Each player gets 28 square tokens (the ones you had previously so pleasurably detached from each other) - all of the same color. There are 5 different sets, so up to 5 people can play at the same time, or you can play in teams, if you are of such a mind.
You take 5 tiles from your facedown tile pile and place them on your tile holder. The tiles have either a number, a letter or a graphic. This determines where you the tile can be placed on the board. But you still have choice, since there are 9 different squares that every tile can occupy - just enough choice to make you have to think.
The idea is to put your pieces down so that they are all in one cluster, all touching. Me, I think my cluster number was 4. There are other considerations, o yes there are. For example, there's a wild tile that can go anywhere. And there's the thing about the game ending when everyone has only 4 tiles left on their tileholders, thus giving you the chance to plan for 4 tiles you cannot play - which will probably come as a welcome relief! And there's being able to substitute a tile for one someone else already placed if that tile is by itself or on the end of a cluster. Thus the possibility exists that you might be able to join together two of your clusters or somehow manage to reduce someone else's chances to do the same. And then, for all you tile-taking fiends, there's this tie-breaker rule that gives the win to the player who has captured the fewer of the opponent's tiles at the end of the game.
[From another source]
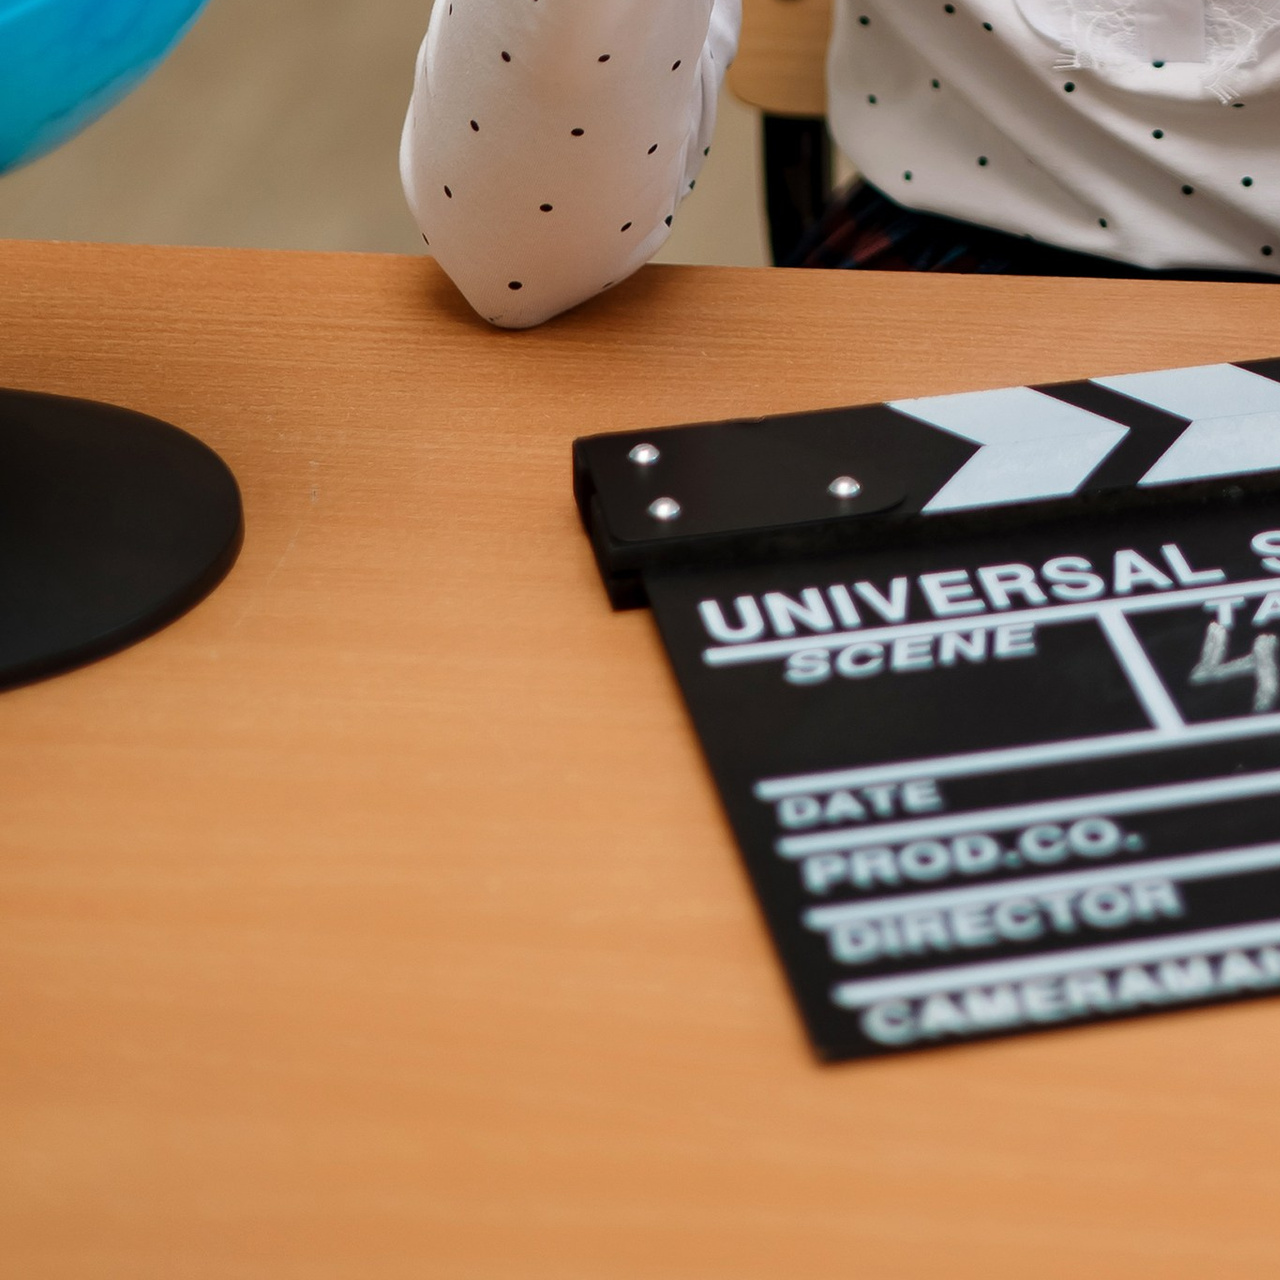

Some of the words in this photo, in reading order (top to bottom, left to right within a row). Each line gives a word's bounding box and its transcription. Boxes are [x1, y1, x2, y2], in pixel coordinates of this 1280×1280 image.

So you play a tile and then pick a tile from your tile pile and wait your turn to play another tile, and, basically, whoever has the fewest clusters at the end of the game, wins.
Uptown is fun. Sometimes gentle fun. Sometimes surprisingly not. Kind of sophisticated. Not flapperish nor even flipperish fun. But just that combination of luck and skill to make you think that you won because you were better. Thinking fun. Major FUN.
(a new iteration of the game, and a new publisher, led to this updated review 11/9/09)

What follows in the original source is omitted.